Mergers over a certain financial threshold must be notified to the Competition and Consumer Protection Commission (“Commission”) for review as required by the Competition Act 2002, as amended (the “Competition Act”). It should be noted that the Competition and Consumer Protection Act 2014 (the “2014 Act”) made a number of important amendments to the merger review regime set out in the Competition Act. The Commission aims at all times to make sure that mergers are reviewed in a timely manner so that good mergers are not held up. At the same time, the Commission actively protects the interests of consumers and has the power to block mergers where it finds that the merger will lead to a “substantial lessening of competition”.
The procedures and timelines of the Commission in reviewing notified mergers are set out below. This section also:
Provides a list of all mergers notified to the Commission and their status and also mergers notified to the Competition Authority. This is available in Merger Notifications.

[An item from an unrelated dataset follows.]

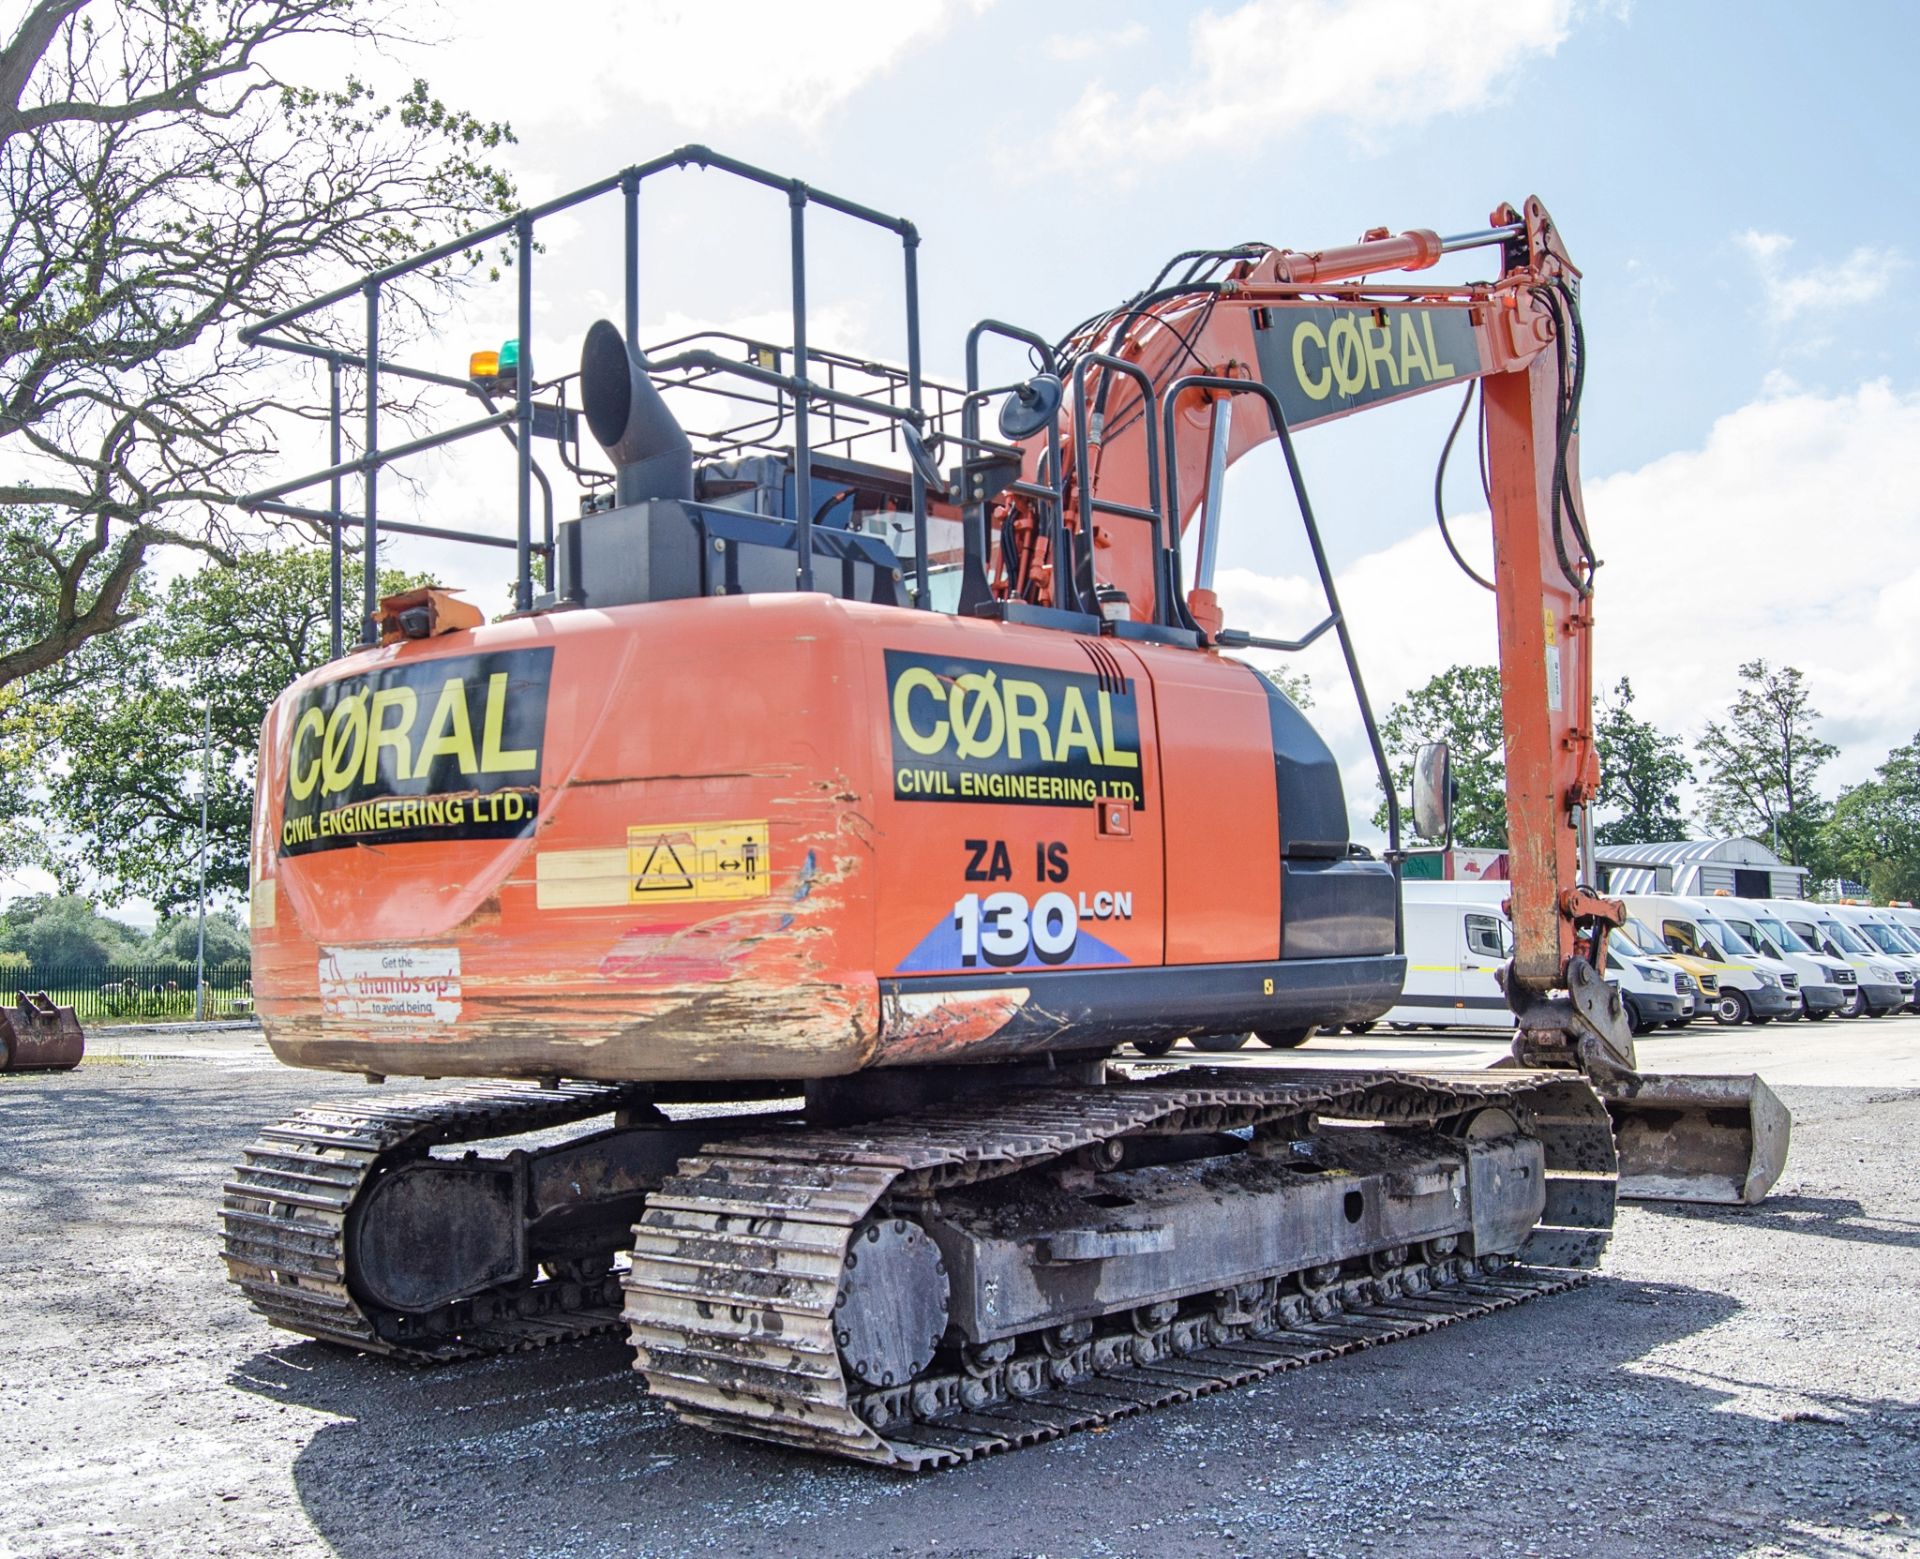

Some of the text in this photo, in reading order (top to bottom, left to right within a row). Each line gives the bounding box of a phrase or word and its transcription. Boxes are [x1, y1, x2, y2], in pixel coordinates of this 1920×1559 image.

Provides the legal definition of a merger and information on whether and when a merger needs to be notified. This is set out in When to Notify.
Sets out the procedures for how to notify.
Sets out the legislation and guidance that relate to the review of mergers and acquisitions.
Merger Review Process
The merger review process of the Commission involves:
(i) a review period (Phase 1), following which a determination must be made either to clear the merger or to proceed to a full investigation as described below. The Commission’s deadline to make a Phase 1 determination is 30 working days after the “appropriate date” (as defined in section 19(6) of the Competition Act, as amended by section 56(c) of the 2014 Act) or 45 working days after the “appropriate date” if any of the undertakings that made the notification submits proposals to the Commission.
(ii) a full investigation (Phase 2) if, after the Phase 1 investigation, the Commission is unable to conclude that the proposed transaction will not lead to a substantial lessening of competition in any market for goods or services in the State. The Commission’s deadline to make a Phase 2 determination is 120 working days after the “appropriate date”. Within this deadline, the Commission must determine whether to clear the merger (with or without conditions) or prohibit the merger.
The appropriate date from which the above deadlines are calculated is normally the date of notification. However, this changes to a later date if the Commission issues within 30 working days from the date of notification a formal requirement for the merging parties to provide further information. In addition, the Commission’s deadline of 120 days for making a Phase 2 determination will stand suspended for a certain period if – within 30 working days from the date of opening of its Phase 2 investigation – the Commission issues a formal requirement for the merging parties to provide further information.